Steve Saling is sitting in his bedroom at the Leonard Florence Center for Living just north of Boston. He aims his gaze at the tablet mounted to his wheelchair and, with a small movement of his facial muscles, raises the window shade to sunlit afternoon clouds.
Now, behind thin, oval eyeglasses, Saling again blinks purposefully, like a telekinetic superhero. The door opens, and he steers his well-equipped wheelchair through smoothly.
A landscape architect by trade, Saling was diagnosed 10 years ago with amyotrophic lateral sclerosis, or ALS, commonly called Lou Gehrig’s disease. It’s a neurological condition that affects nerve cells in the brain and spinal cord. Over time, people with ALS lose the ability to walk, speak, and move without assistance.

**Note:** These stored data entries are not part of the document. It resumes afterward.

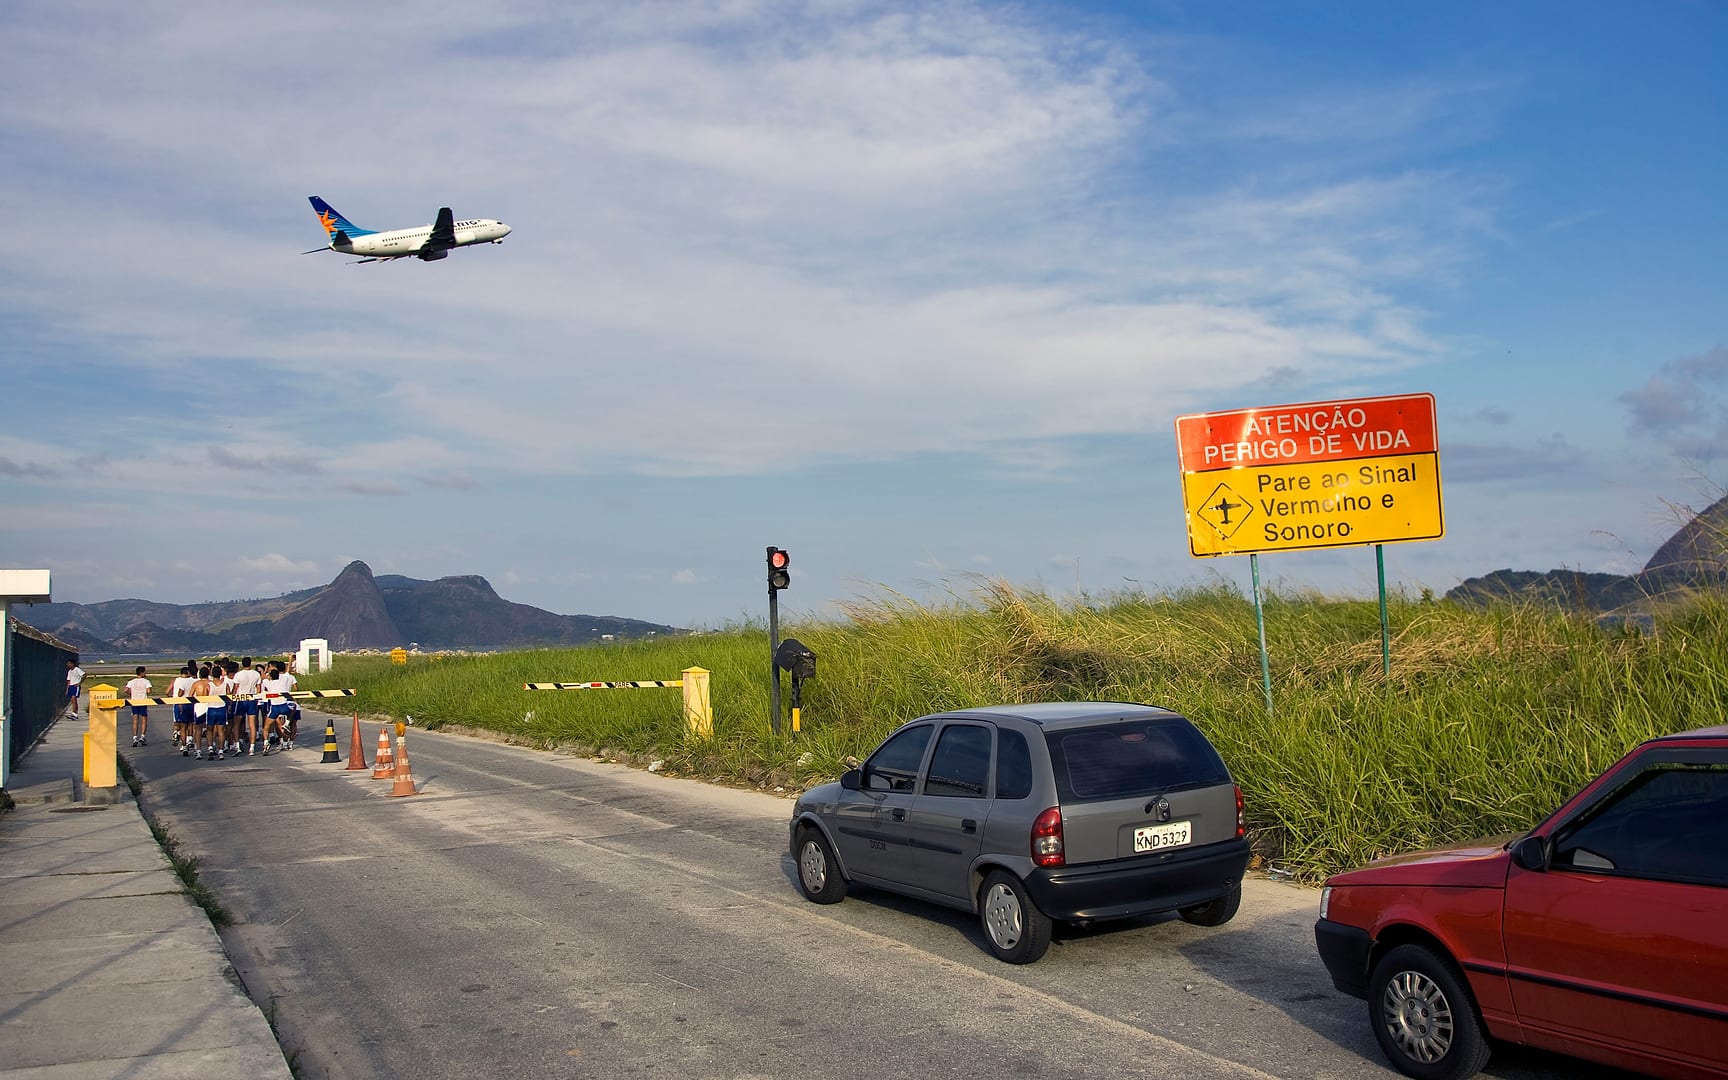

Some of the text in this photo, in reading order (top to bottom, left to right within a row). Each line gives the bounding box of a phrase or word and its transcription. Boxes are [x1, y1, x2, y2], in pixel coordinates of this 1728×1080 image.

[1246, 405, 1366, 436] ATENÇÃO
[1204, 429, 1411, 464] PERIGO DE VIDA
[1257, 463, 1417, 493] Pare ao Sinal
[1261, 493, 1394, 517] Vermelho e
[1264, 522, 1350, 542] Sonoro
[231, 693, 251, 701] PARE
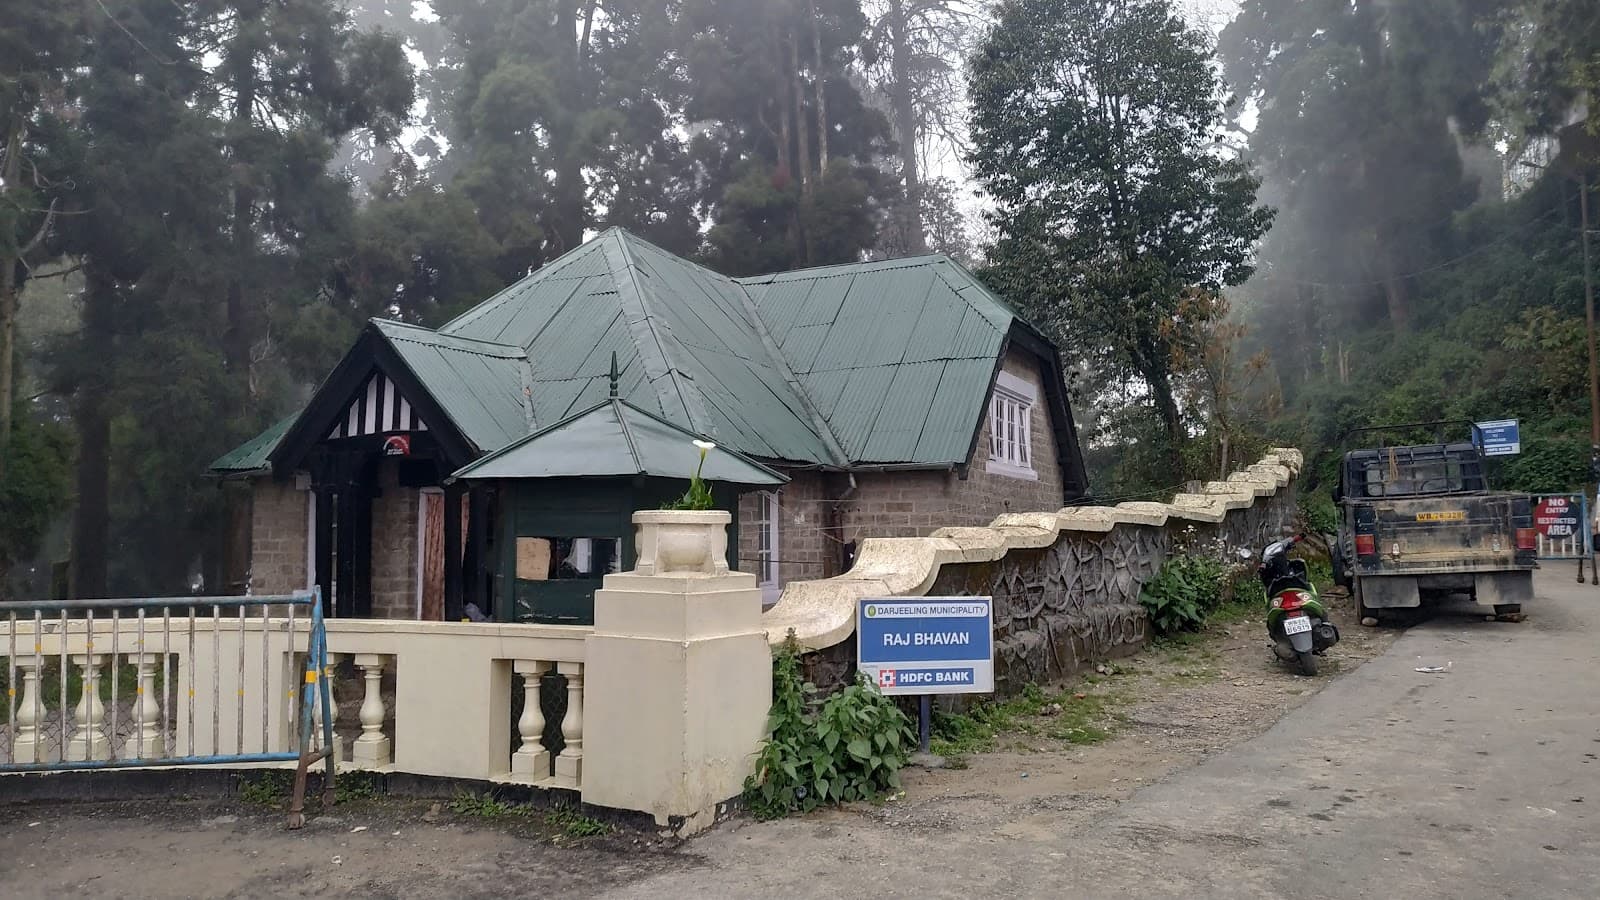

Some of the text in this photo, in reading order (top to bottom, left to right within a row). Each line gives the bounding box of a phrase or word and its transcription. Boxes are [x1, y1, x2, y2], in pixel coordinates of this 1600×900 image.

As they become more disabled, people with ALS often move into long-term care facilities. The one Saling lives in, however, is not a typical nursing home. Big windows replace harsh artificial lights. Defiant reds, warm golds, and cheery greens replace the typical institutional palette of antiseptic blandness.
But the most unusual difference is the way this place works. And Saling is partly responsible for that.
Unwilling to accept a life utterly dependent on caretakers, Saling designed a series of systems that let patients with ALS control their environment in the assisted living center with the barest of movements: blinks and facial twitches. They can open and close doors, turn on and off lights, change TV channels, and control heat and air-conditioning, among other things.
The first cluster of accessible rooms, named for Saling, opened in 2010. Last month, the Florence Center opened a second set of rooms, called the Dapper McDonald ALS Residence. All told, there are now 30 bedrooms here equipped with systems that give patients with ALS, multiple sclerosis, or other disabling diseases some measure of independence.